▸ **WHAT YOU WILL DO**: The response should be an exact transcription of the data below, free of images.

▸ **THE DATA**:
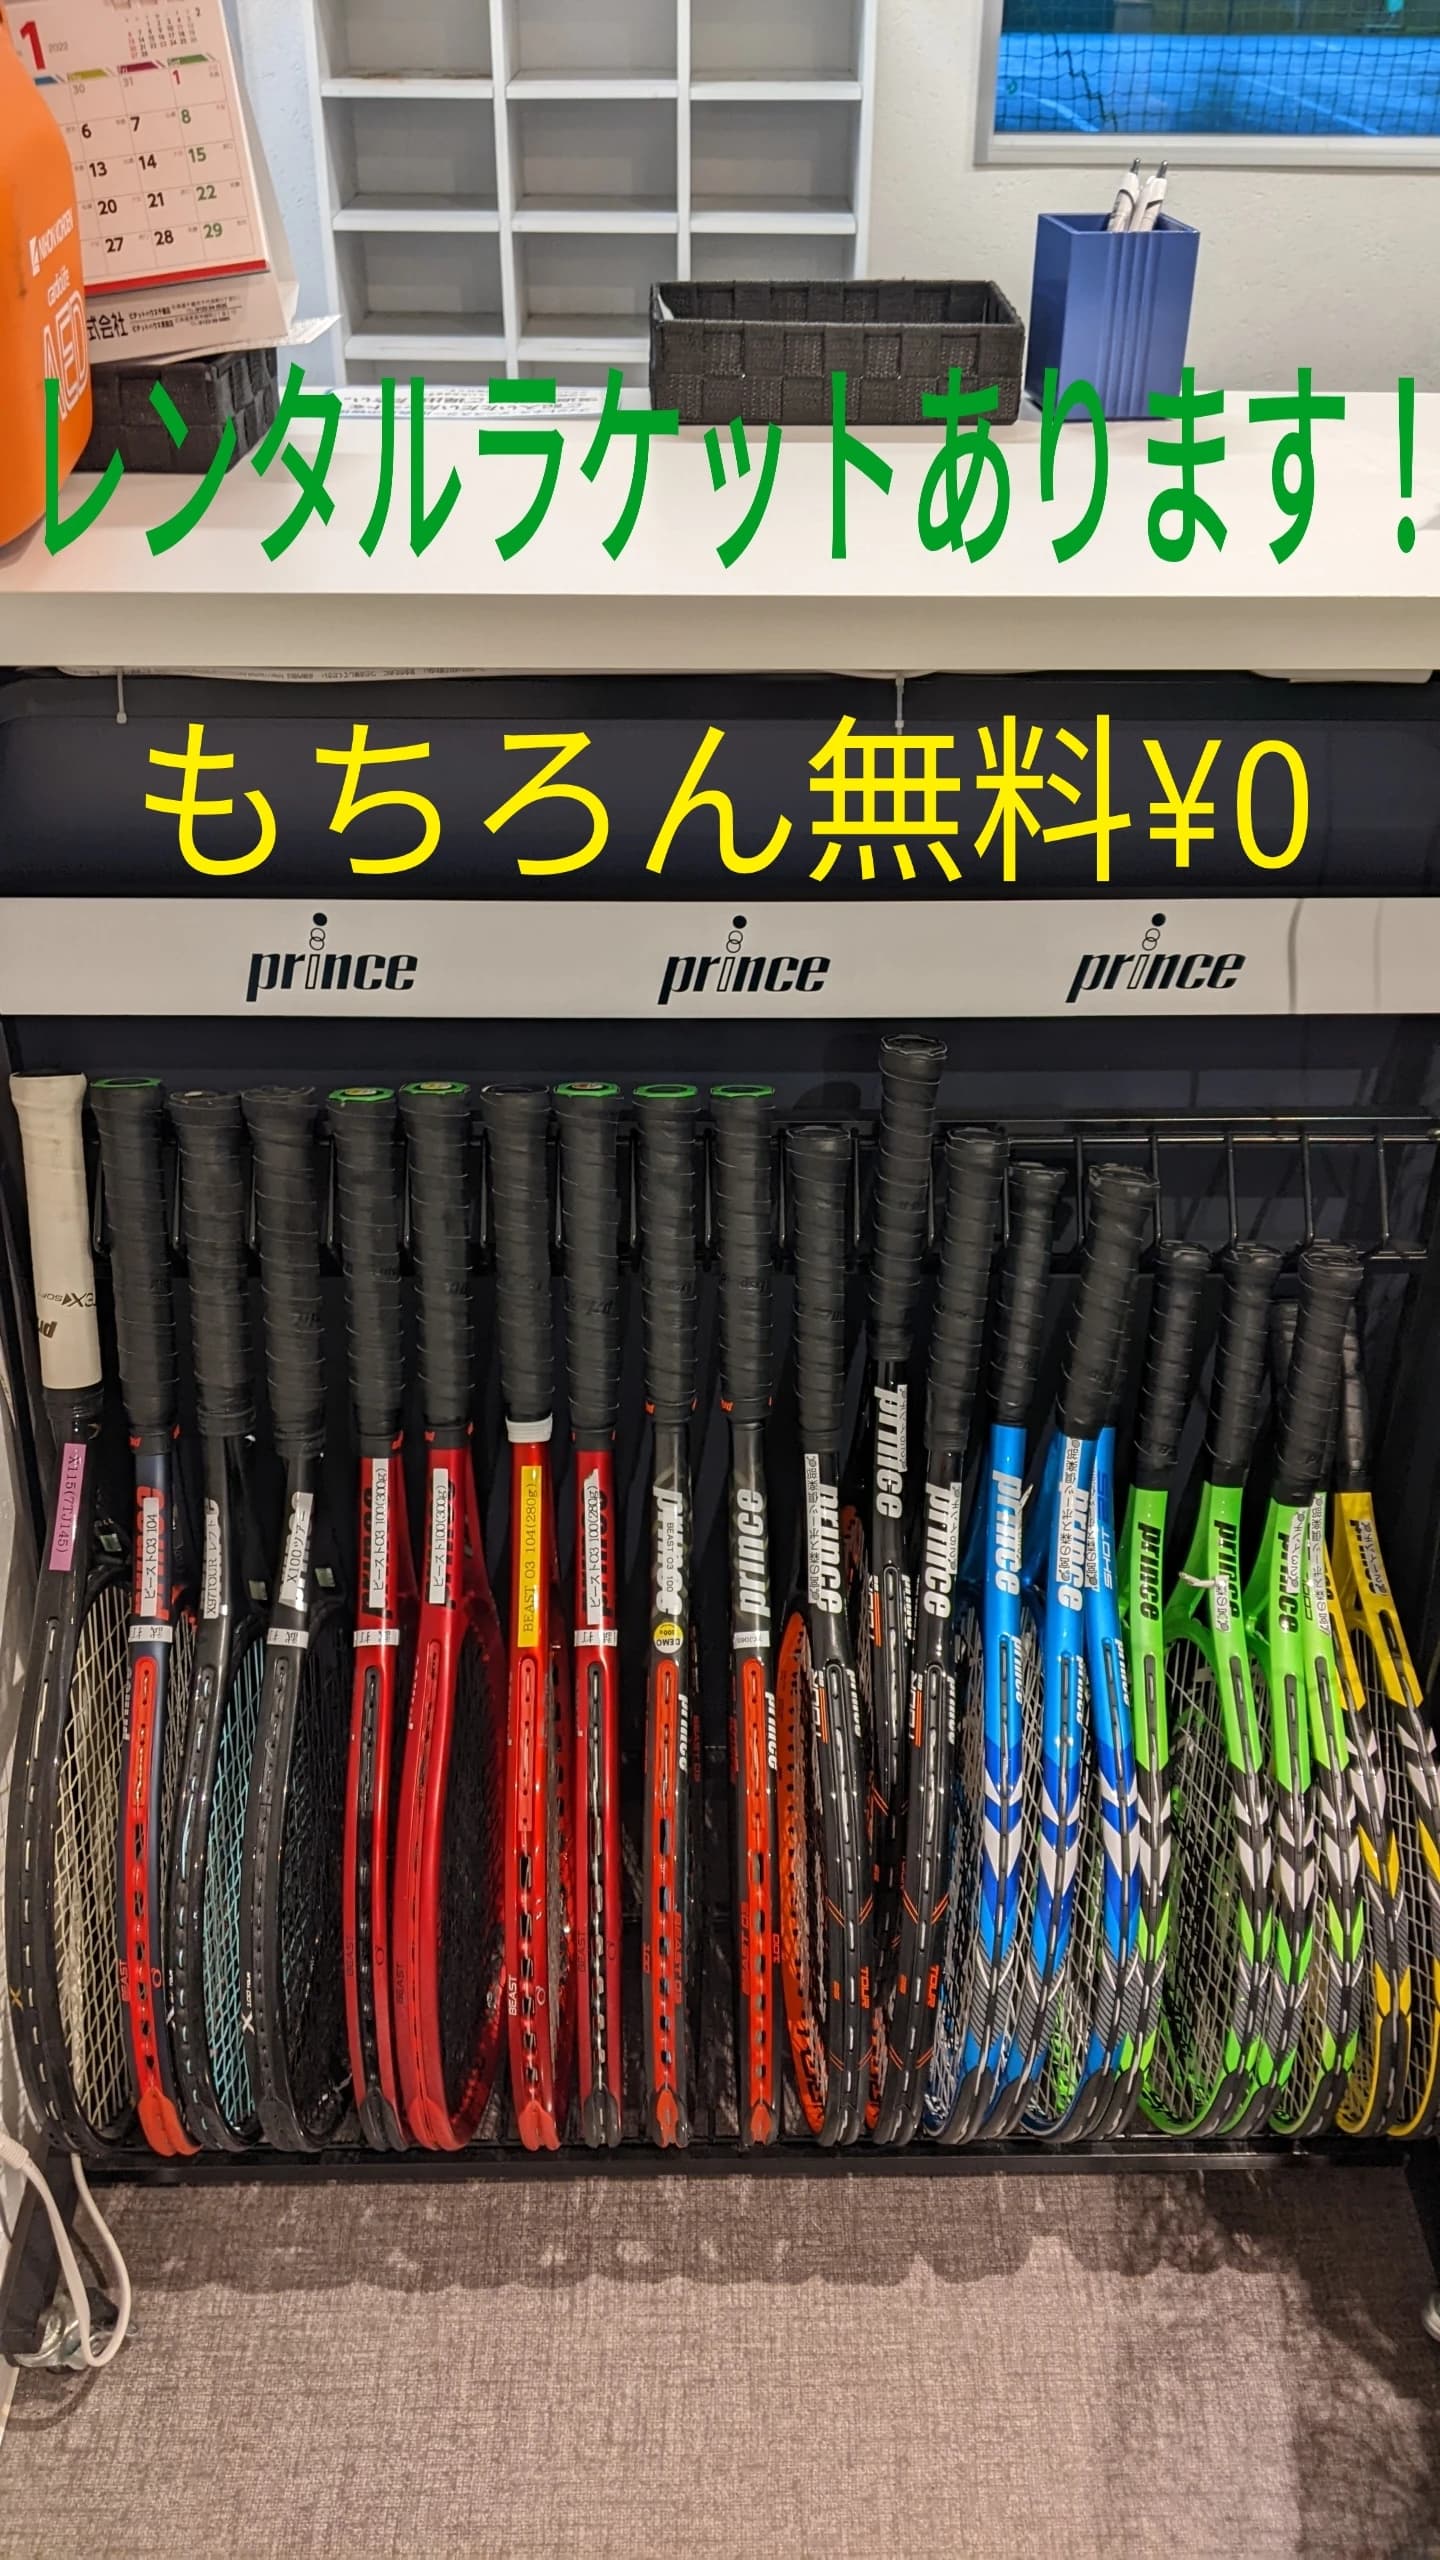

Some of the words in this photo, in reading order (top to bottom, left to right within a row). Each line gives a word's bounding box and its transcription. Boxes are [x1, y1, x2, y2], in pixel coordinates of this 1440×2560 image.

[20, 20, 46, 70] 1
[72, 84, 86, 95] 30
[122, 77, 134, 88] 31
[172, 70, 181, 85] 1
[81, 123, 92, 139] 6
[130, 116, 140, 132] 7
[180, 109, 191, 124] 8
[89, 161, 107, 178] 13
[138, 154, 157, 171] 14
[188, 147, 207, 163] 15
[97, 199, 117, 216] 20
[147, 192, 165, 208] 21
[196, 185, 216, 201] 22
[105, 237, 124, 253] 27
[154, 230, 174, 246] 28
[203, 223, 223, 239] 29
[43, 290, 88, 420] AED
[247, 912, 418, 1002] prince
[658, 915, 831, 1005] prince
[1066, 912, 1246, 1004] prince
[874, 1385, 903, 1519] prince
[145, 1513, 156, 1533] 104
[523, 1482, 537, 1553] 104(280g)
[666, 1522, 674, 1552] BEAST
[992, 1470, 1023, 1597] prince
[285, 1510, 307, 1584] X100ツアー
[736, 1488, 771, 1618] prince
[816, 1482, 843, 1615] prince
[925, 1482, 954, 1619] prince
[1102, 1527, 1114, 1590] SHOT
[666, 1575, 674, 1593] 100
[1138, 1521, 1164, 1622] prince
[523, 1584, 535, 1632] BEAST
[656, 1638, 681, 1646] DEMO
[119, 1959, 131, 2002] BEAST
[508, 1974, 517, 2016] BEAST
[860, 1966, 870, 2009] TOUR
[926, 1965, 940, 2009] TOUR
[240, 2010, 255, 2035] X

▸ **TASK RESULT**:
Some of the words in this photo, in reading order (top to bottom, left to right within a row). Each line gives a word's bounding box and its transcription. Boxes are [x1, y1, x2, y2], in pixel coordinates of this 1440×2560 image.

[20, 20, 46, 70] 1
[72, 84, 86, 95] 30
[122, 77, 134, 88] 31
[172, 70, 181, 85] 1
[81, 123, 92, 139] 6
[130, 116, 140, 132] 7
[180, 109, 191, 124] 8
[89, 161, 107, 178] 13
[138, 154, 157, 171] 14
[188, 147, 207, 163] 15
[97, 199, 117, 216] 20
[147, 192, 165, 208] 21
[196, 185, 216, 201] 22
[105, 237, 124, 253] 27
[154, 230, 174, 246] 28
[203, 223, 223, 239] 29
[43, 290, 88, 420] AED
[247, 912, 418, 1002] prince
[658, 915, 831, 1005] prince
[1066, 912, 1246, 1004] prince
[874, 1385, 903, 1519] prince
[145, 1513, 156, 1533] 104
[523, 1482, 537, 1553] 104(280g)
[666, 1522, 674, 1552] BEAST
[992, 1470, 1023, 1597] prince
[285, 1510, 307, 1584] X100ツアー
[736, 1488, 771, 1618] prince
[816, 1482, 843, 1615] prince
[925, 1482, 954, 1619] prince
[1102, 1527, 1114, 1590] SHOT
[666, 1575, 674, 1593] 100
[1138, 1521, 1164, 1622] prince
[523, 1584, 535, 1632] BEAST
[656, 1638, 681, 1646] DEMO
[119, 1959, 131, 2002] BEAST
[508, 1974, 517, 2016] BEAST
[860, 1966, 870, 2009] TOUR
[926, 1965, 940, 2009] TOUR
[240, 2010, 255, 2035] X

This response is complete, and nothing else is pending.